▶ _Task item_:
Print exactly the line with "this 1344×1134 image." and every line after it, through the final line of the material below.

─── Listed records

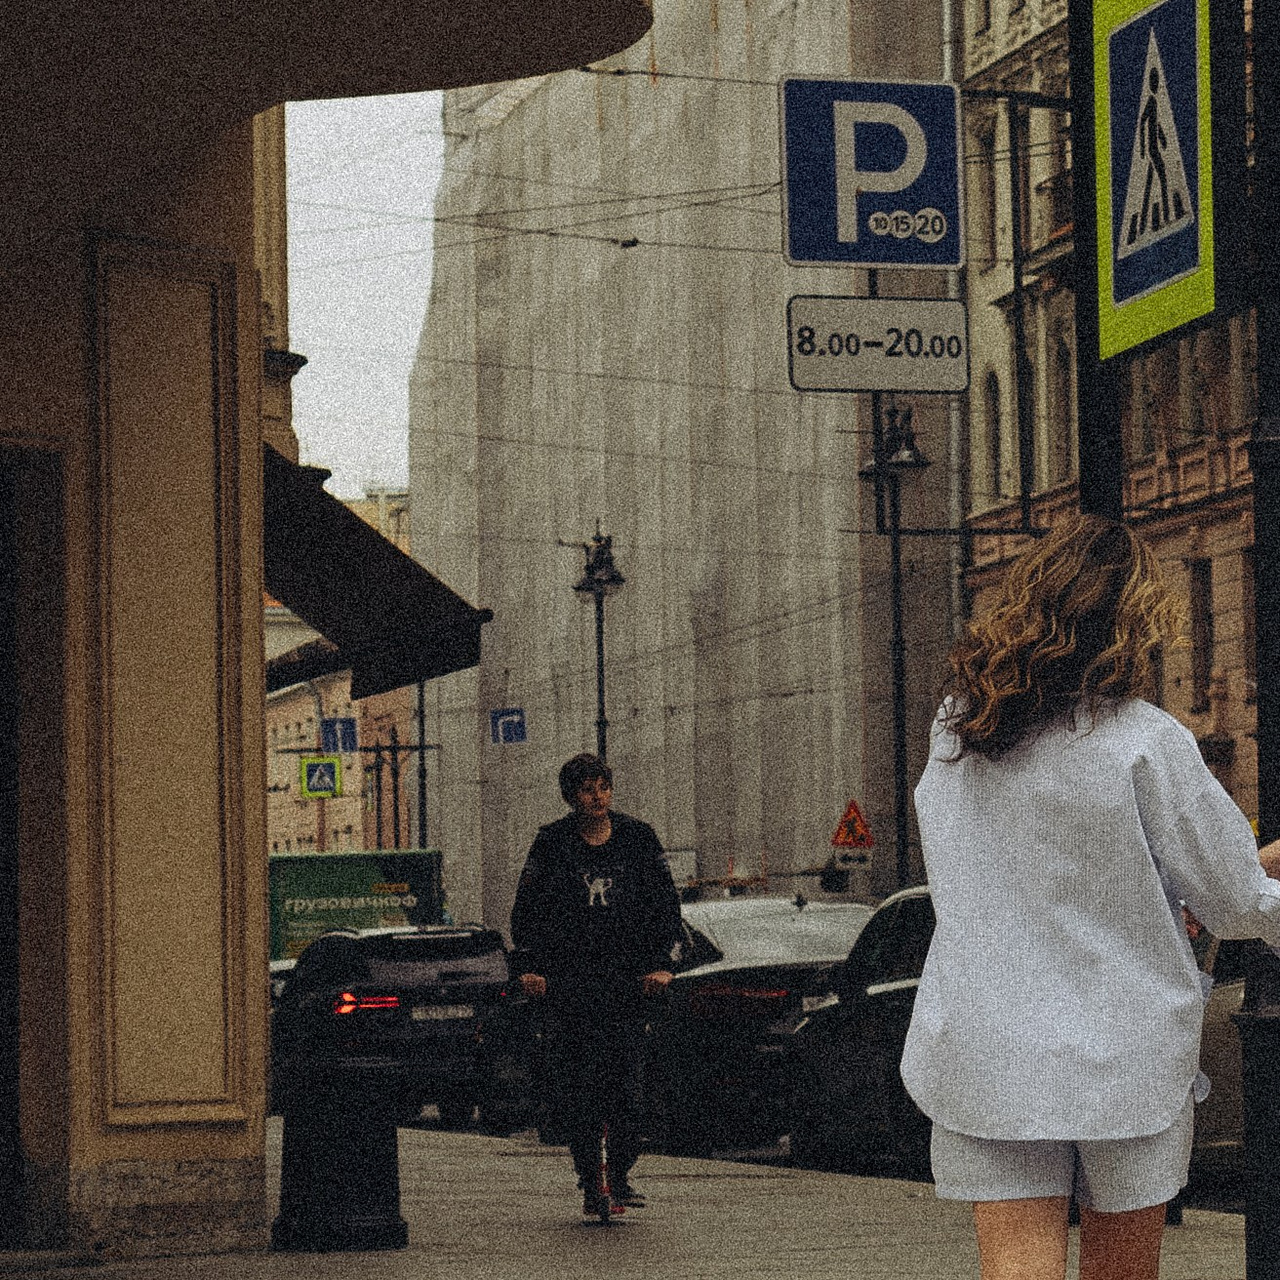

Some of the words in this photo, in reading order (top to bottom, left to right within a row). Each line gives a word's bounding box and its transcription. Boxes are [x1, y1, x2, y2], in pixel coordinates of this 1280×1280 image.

[833, 101, 927, 243] P
[893, 216, 911, 234] 15
[917, 214, 944, 235] 20
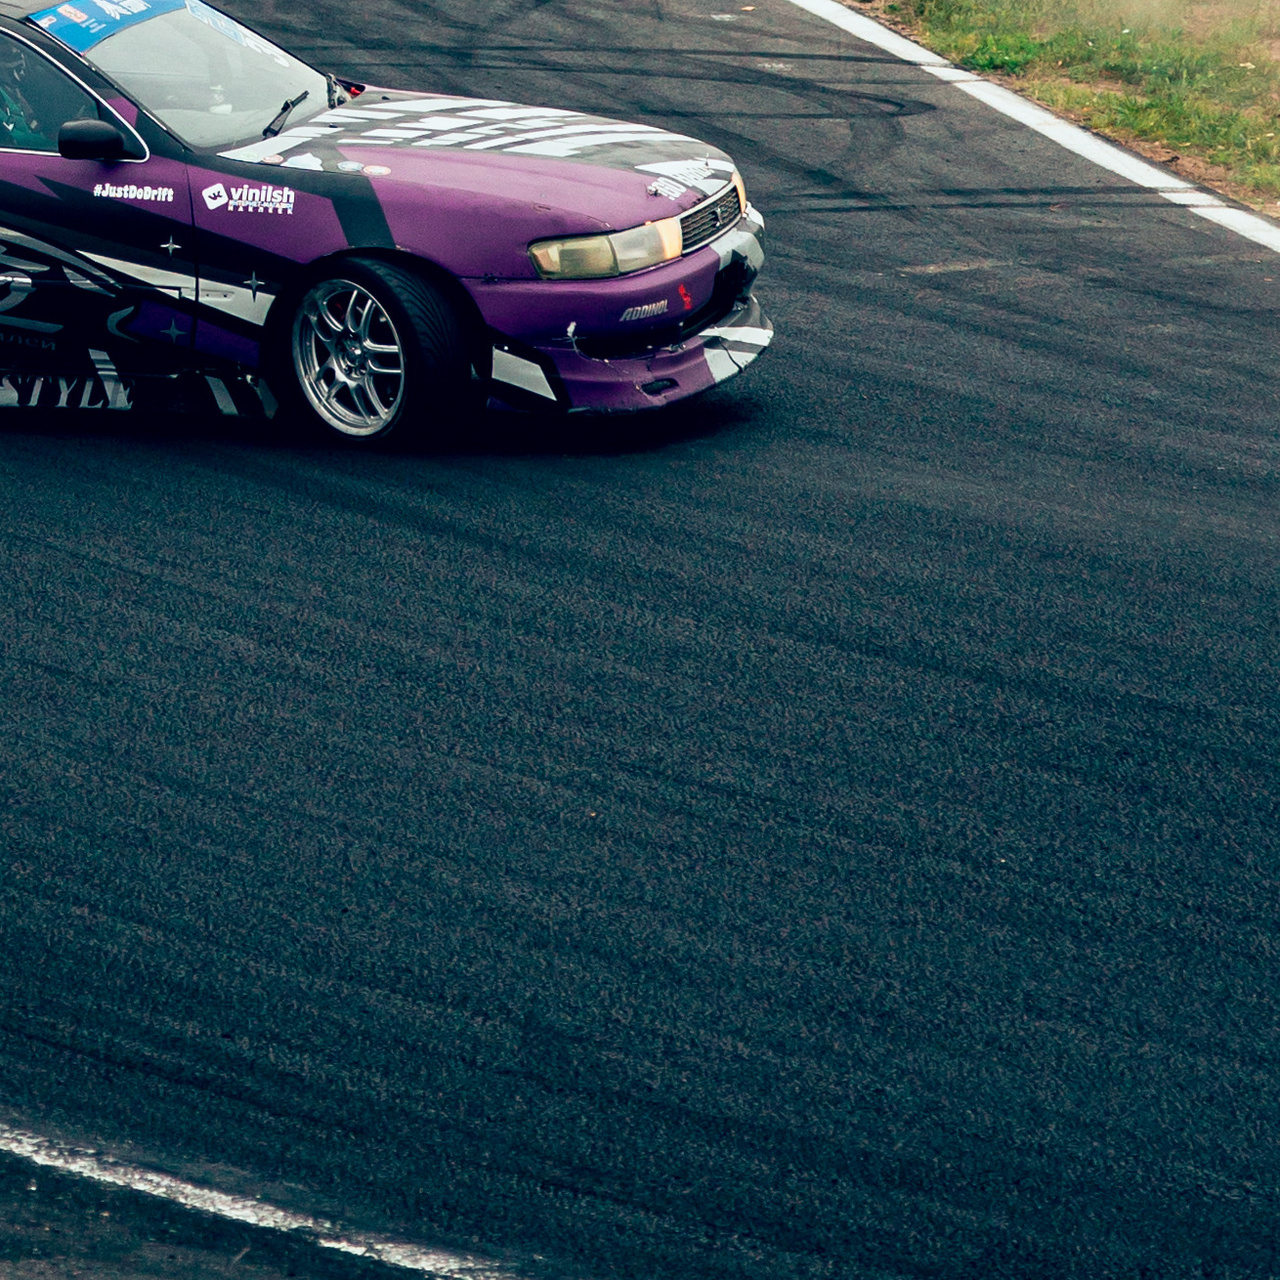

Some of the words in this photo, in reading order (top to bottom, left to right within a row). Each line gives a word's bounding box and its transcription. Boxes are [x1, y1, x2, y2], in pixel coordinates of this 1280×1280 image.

[93, 183, 174, 202] #JustDoDrift
[230, 184, 295, 202] vinilsh
[619, 299, 669, 322] ADDINOL
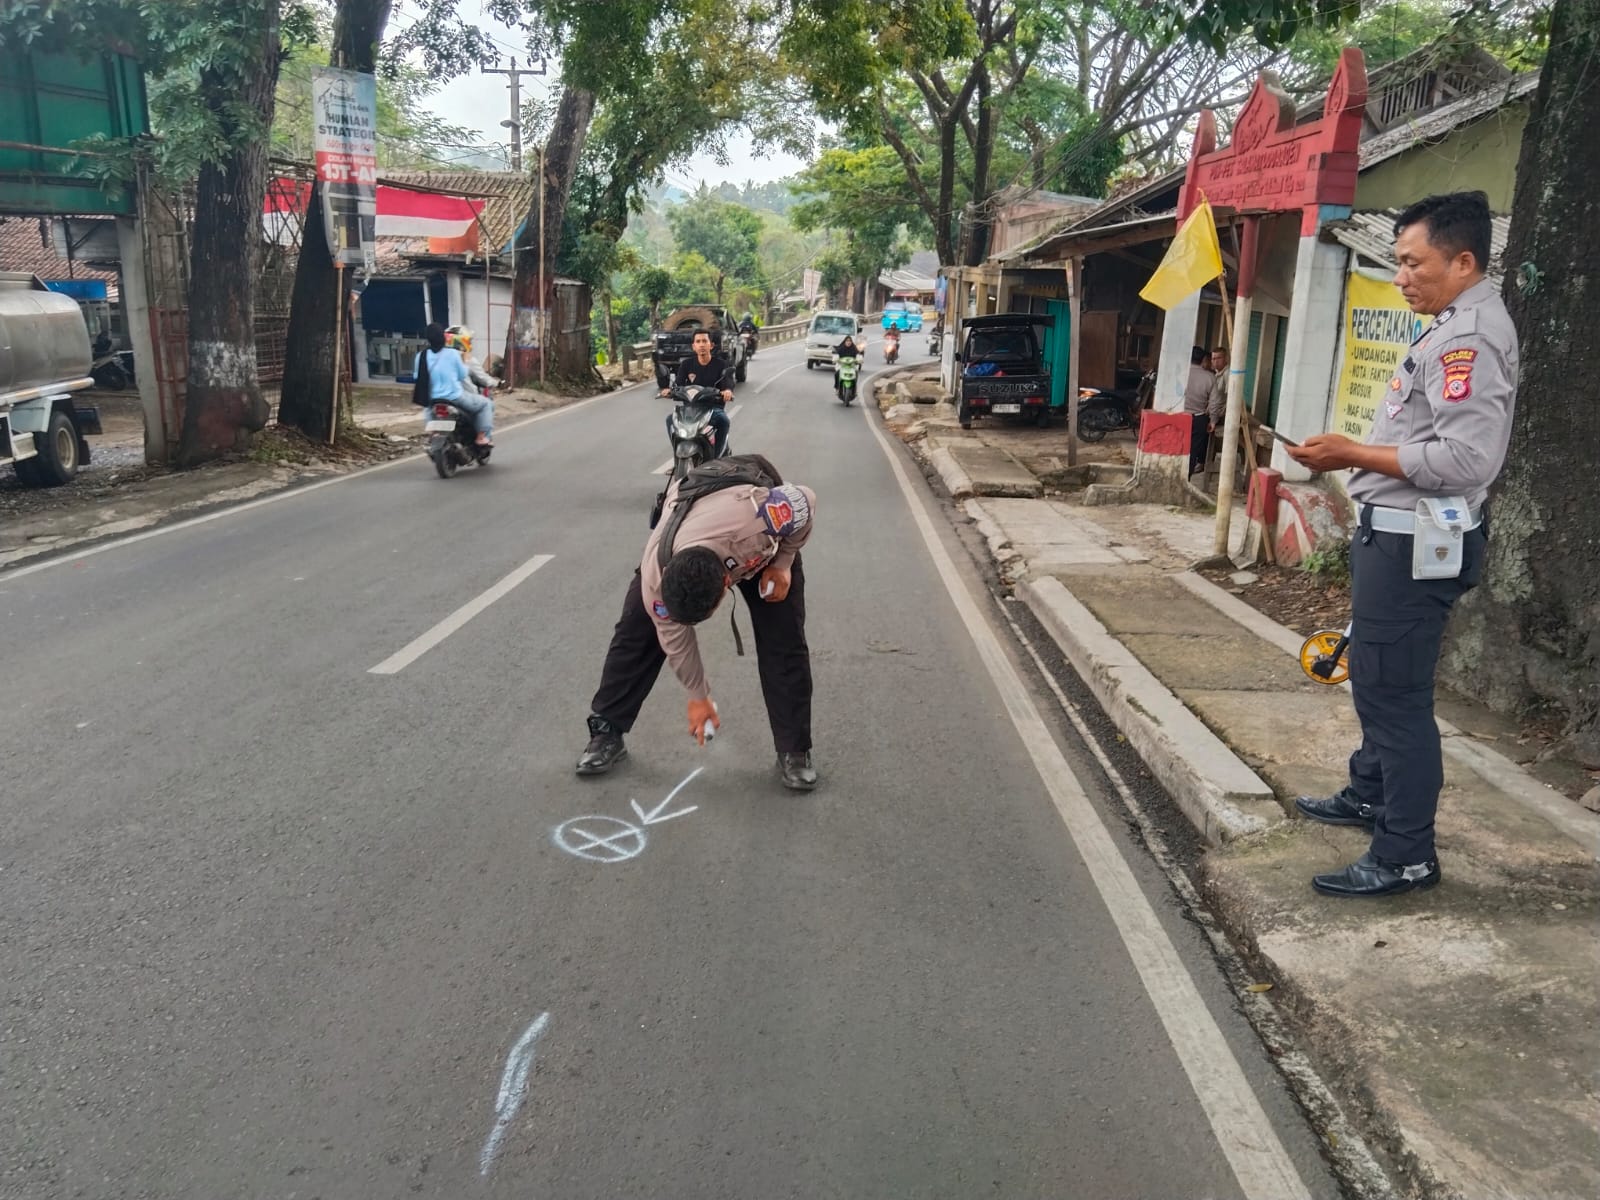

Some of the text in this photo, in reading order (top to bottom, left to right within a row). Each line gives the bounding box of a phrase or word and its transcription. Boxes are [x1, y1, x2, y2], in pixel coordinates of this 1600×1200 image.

[326, 112, 369, 127] HUNIAN
[1352, 308, 1415, 344] PERCETAKAN
[1353, 346, 1397, 364] UNDANGAN
[1351, 364, 1367, 379] NOTA
[980, 383, 1038, 394] SUZUKI
[1348, 381, 1372, 399] BROSUR
[1344, 420, 1363, 437] YASIN
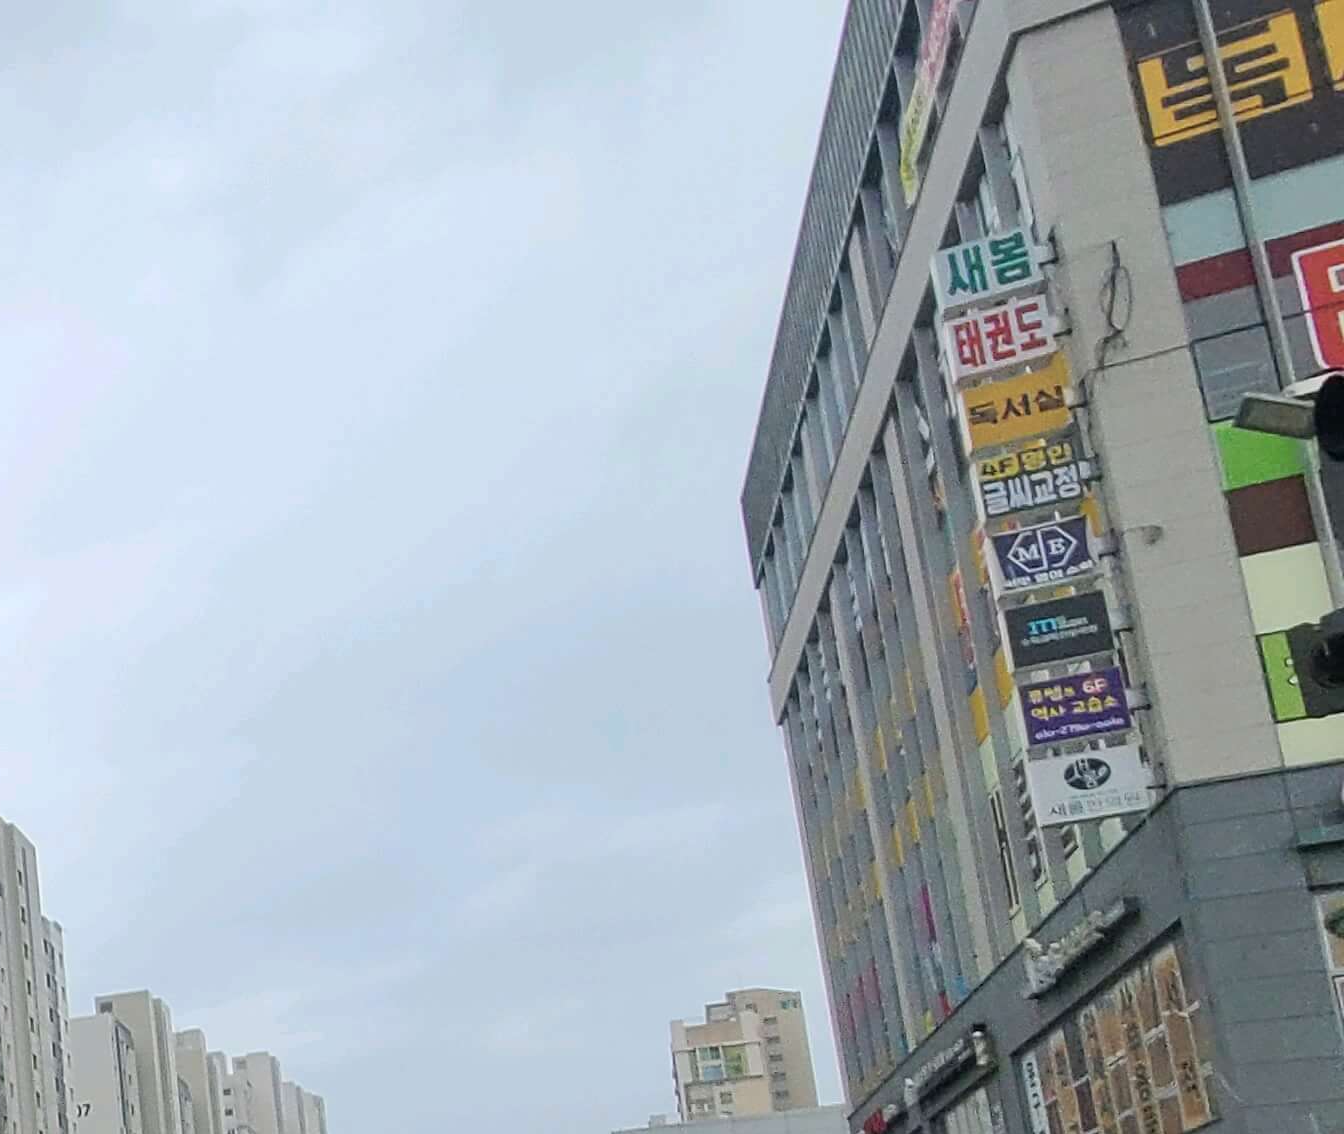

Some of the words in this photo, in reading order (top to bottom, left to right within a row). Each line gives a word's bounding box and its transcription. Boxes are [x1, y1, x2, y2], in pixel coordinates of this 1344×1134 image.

[947, 231, 1033, 296] 새봄
[954, 301, 1049, 369] 태권도
[968, 384, 1066, 427] 독서실

──────

▶ _Task output_:
Some of the words in this photo, in reading order (top to bottom, left to right within a row). Each line gives a word's bounding box and its transcription. Boxes are [x1, y1, x2, y2], in pixel coordinates of this 1344×1134 image.

[947, 231, 1033, 296] 새봄
[954, 301, 1049, 369] 태권도
[968, 384, 1066, 427] 독서실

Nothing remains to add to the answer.